* Task item: Reproduce the entries exactly, but keep the pictures out of the copy.

* Exercise materials:

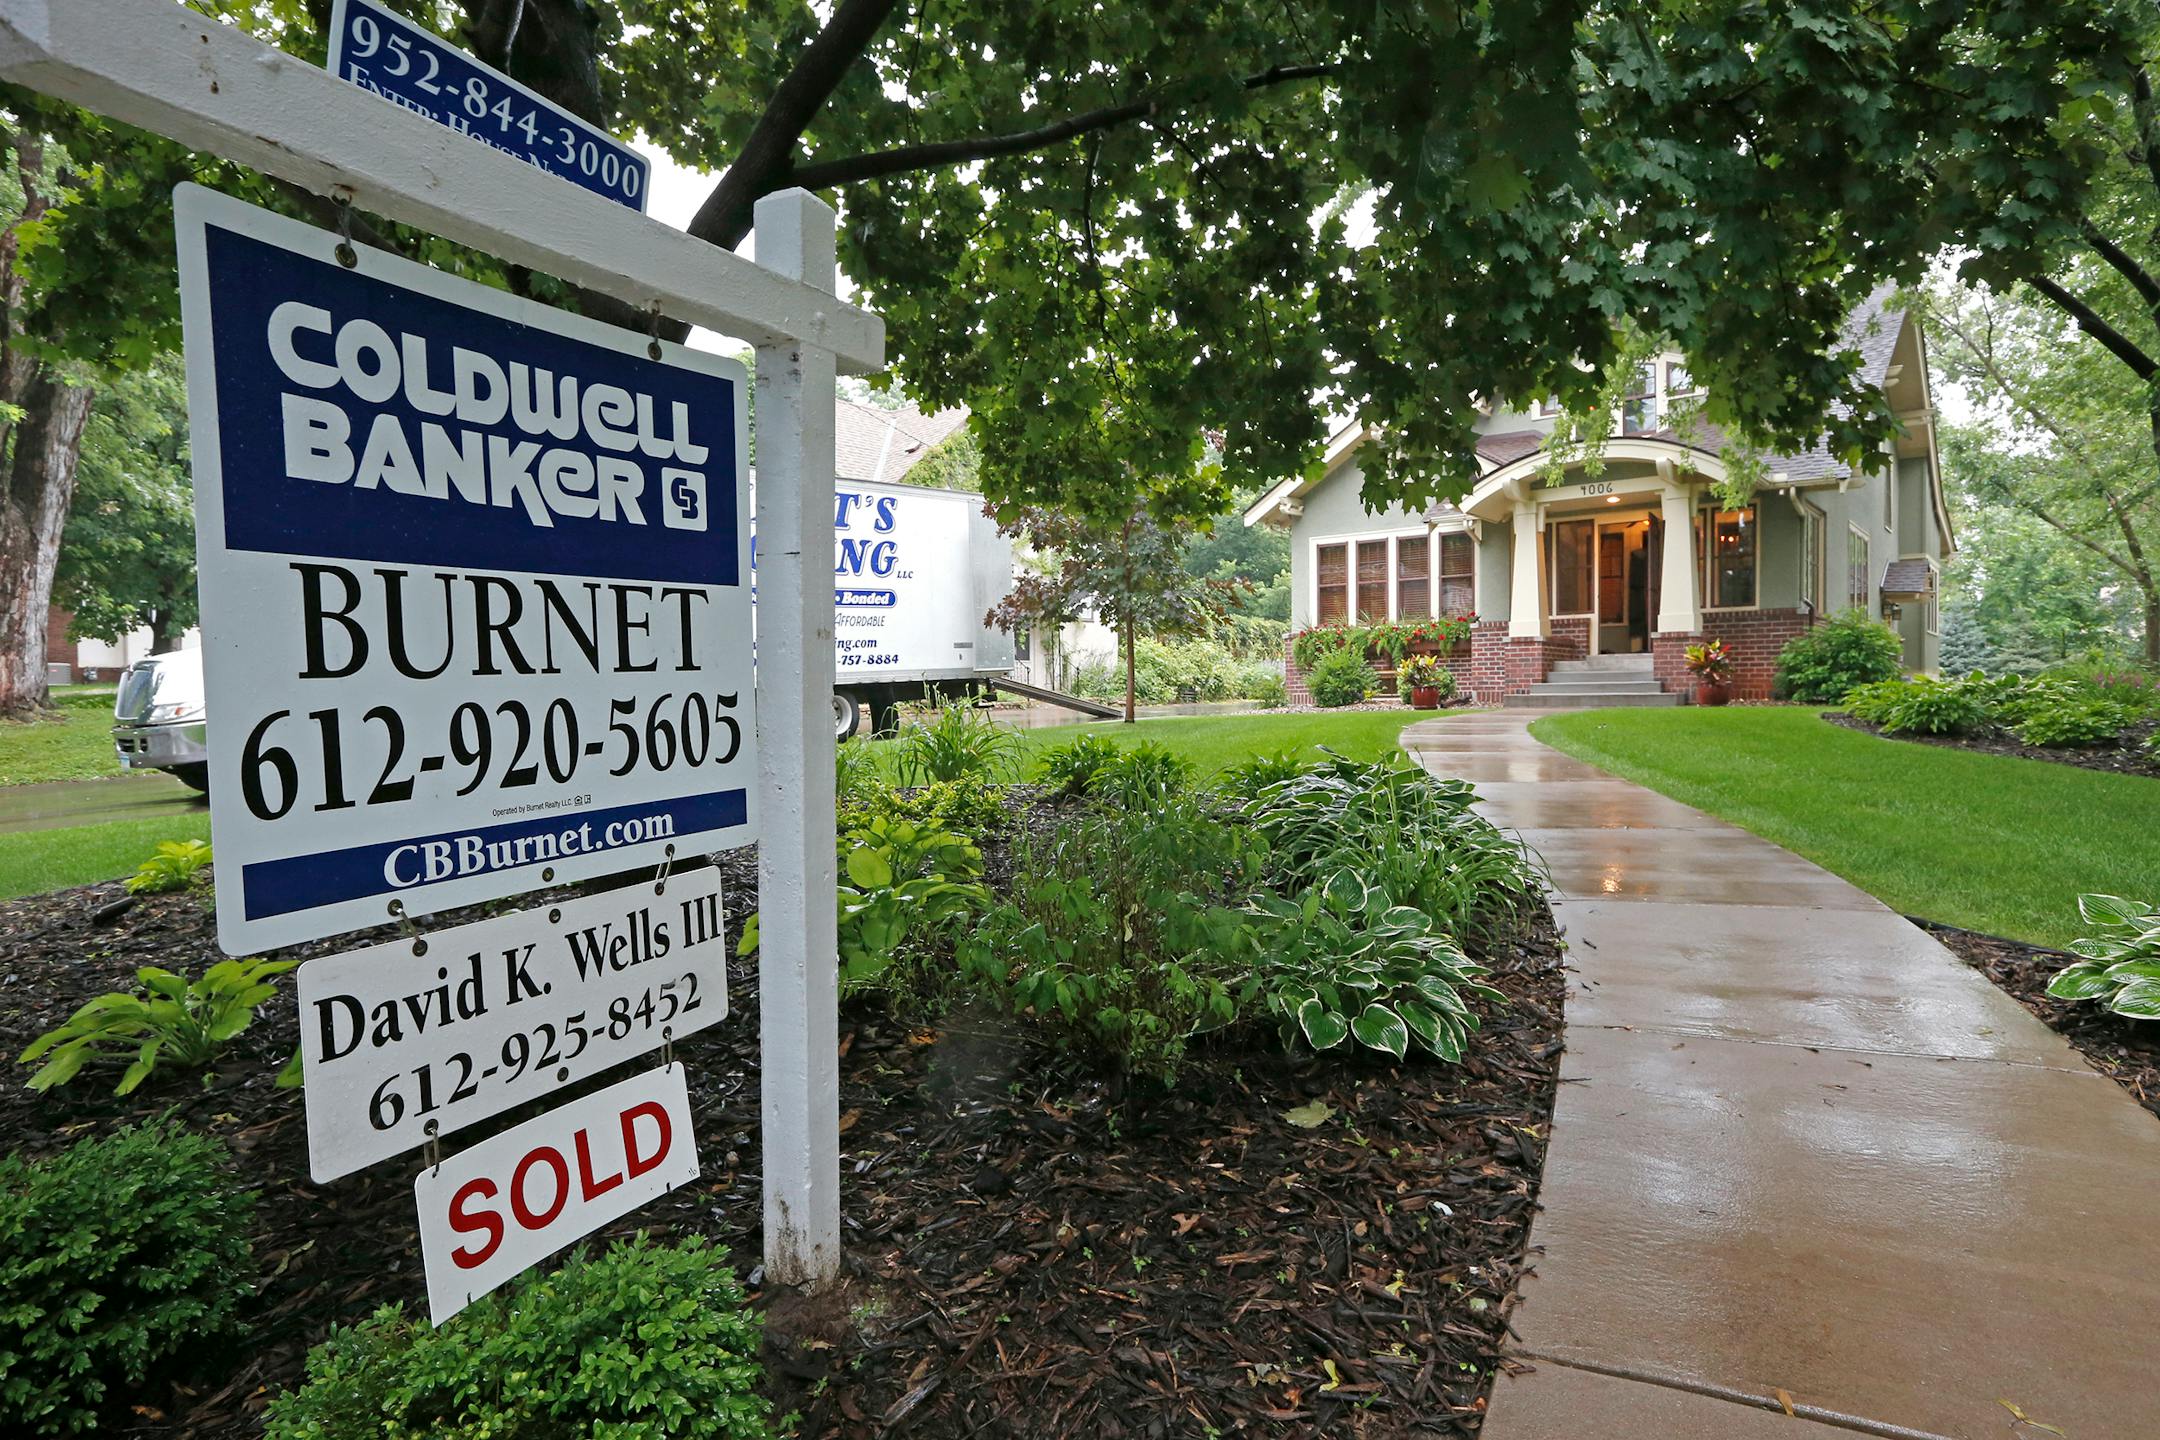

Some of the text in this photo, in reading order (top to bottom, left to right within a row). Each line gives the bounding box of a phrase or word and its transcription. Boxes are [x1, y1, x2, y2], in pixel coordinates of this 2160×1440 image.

[351, 16, 640, 198] 952-844-3000
[267, 301, 709, 465] COLDWELL
[281, 392, 647, 528] BANKER
[1580, 483, 1613, 496] 4006
[289, 562, 709, 680] BURNET
[834, 539, 914, 579] NG LLC
[841, 592, 890, 605] Bonded
[241, 691, 741, 821] 612-920-5605
[492, 806, 518, 817] Operated
[526, 803, 544, 812] Burnet
[545, 801, 560, 809] Realty
[384, 811, 675, 888] CBBurnet.com
[313, 893, 721, 1064] David K. Wells III
[369, 972, 702, 1131] 612-925-8452
[448, 1101, 672, 1269] SOLD
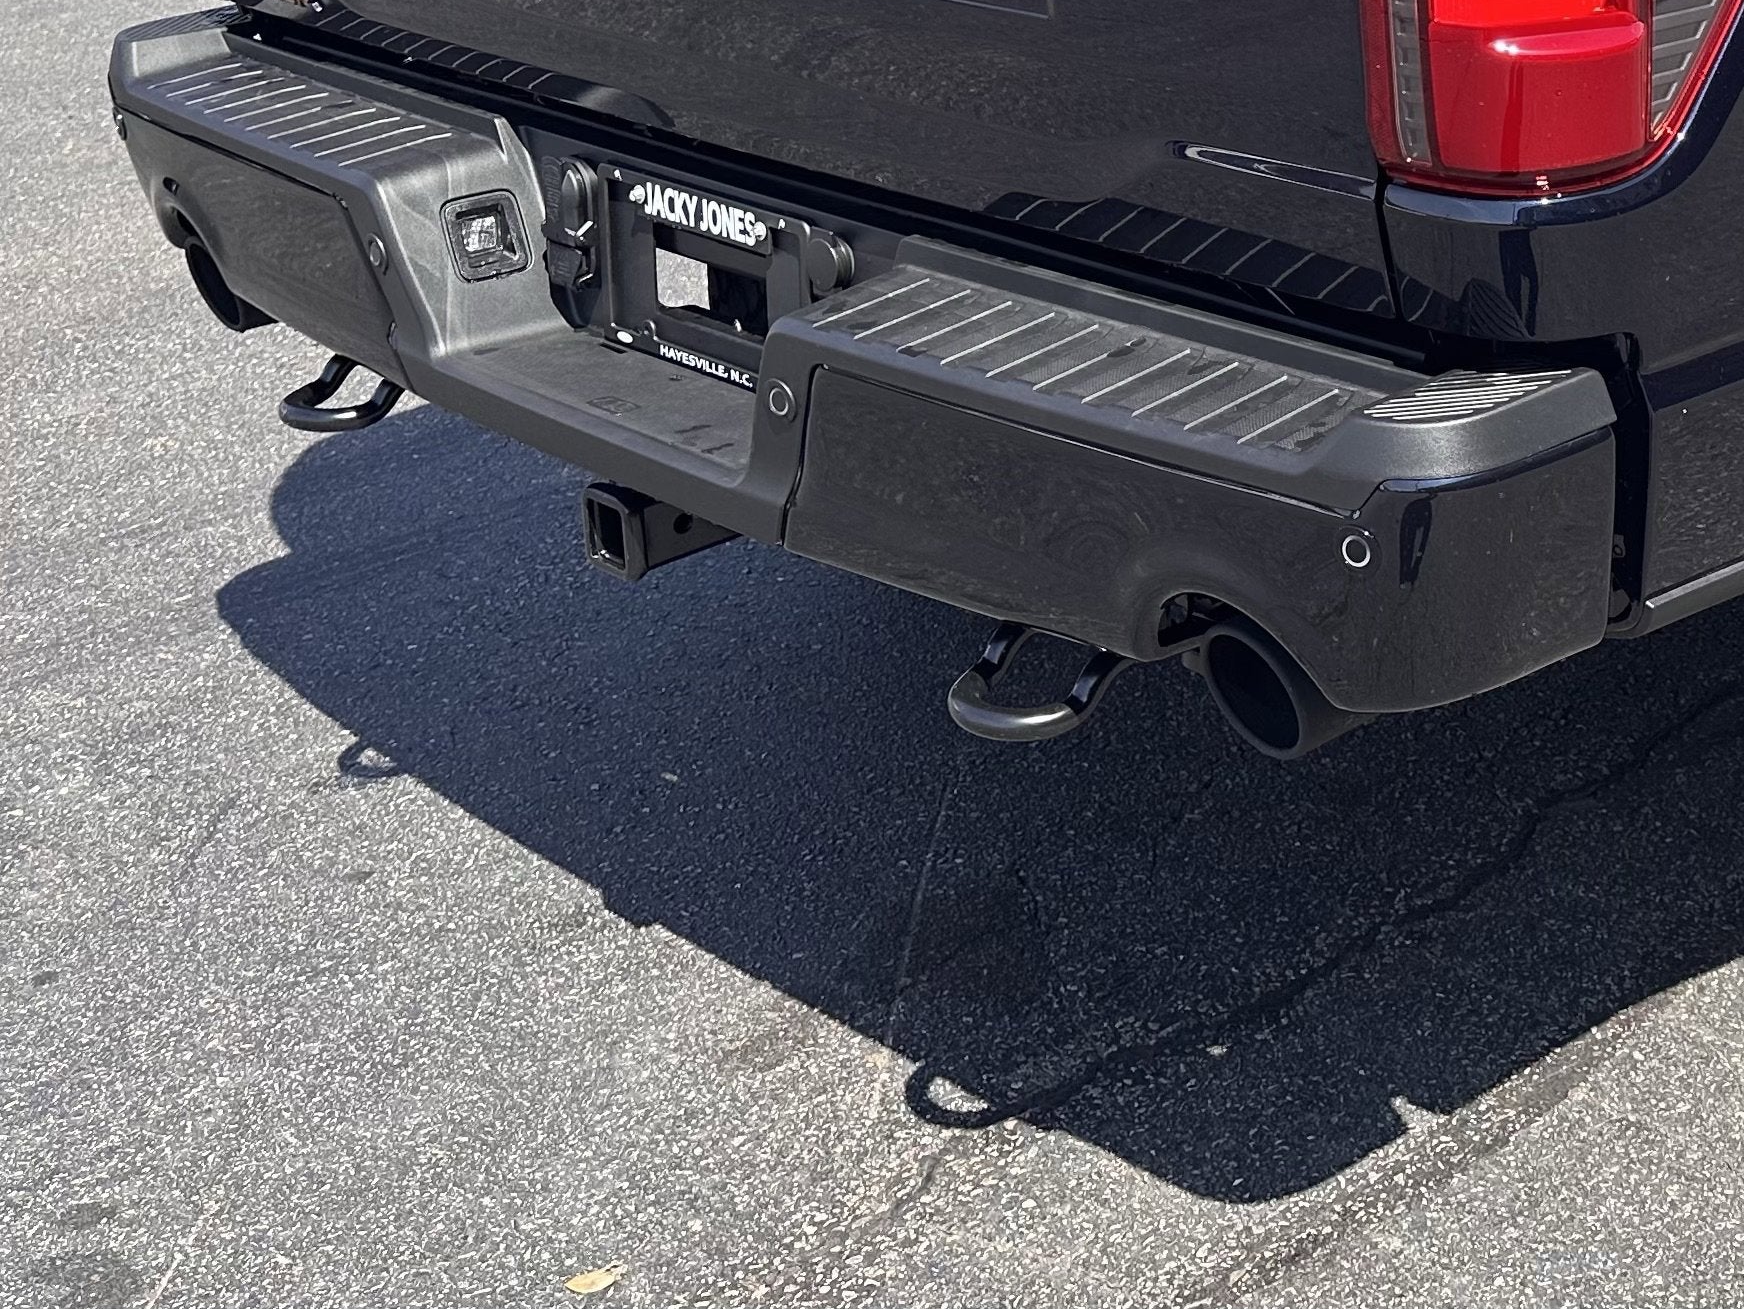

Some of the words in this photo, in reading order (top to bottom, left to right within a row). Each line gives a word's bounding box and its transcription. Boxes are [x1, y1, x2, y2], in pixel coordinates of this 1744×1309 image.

[644, 182, 698, 228] JACKY
[700, 198, 757, 247] JONES
[659, 344, 728, 380] HAYESVILLE,
[730, 368, 754, 389] N.C.

* Response for this exercise:
Some of the text in this photo, in reading order (top to bottom, left to right within a row). Each line gives the bounding box of a phrase or word and its transcription. Boxes are [x1, y1, x2, y2], in pixel coordinates of this 2160×1440 image.

[351, 16, 640, 198] 952-844-3000
[267, 301, 709, 465] COLDWELL
[281, 392, 647, 528] BANKER
[1580, 483, 1613, 496] 4006
[289, 562, 709, 680] BURNET
[834, 539, 914, 579] NG LLC
[841, 592, 890, 605] Bonded
[241, 691, 741, 821] 612-920-5605
[492, 806, 518, 817] Operated
[526, 803, 544, 812] Burnet
[545, 801, 560, 809] Realty
[384, 811, 675, 888] CBBurnet.com
[313, 893, 721, 1064] David K. Wells III
[369, 972, 702, 1131] 612-925-8452
[448, 1101, 672, 1269] SOLD

Some of the words in this photo, in reading order (top to bottom, left to right within a row). Each line gives a word's bounding box and its transcription. Boxes are [x1, y1, x2, y2], in pixel coordinates of this 1744×1309 image.

[644, 182, 698, 228] JACKY
[700, 198, 757, 247] JONES
[659, 344, 728, 380] HAYESVILLE,
[730, 368, 754, 389] N.C.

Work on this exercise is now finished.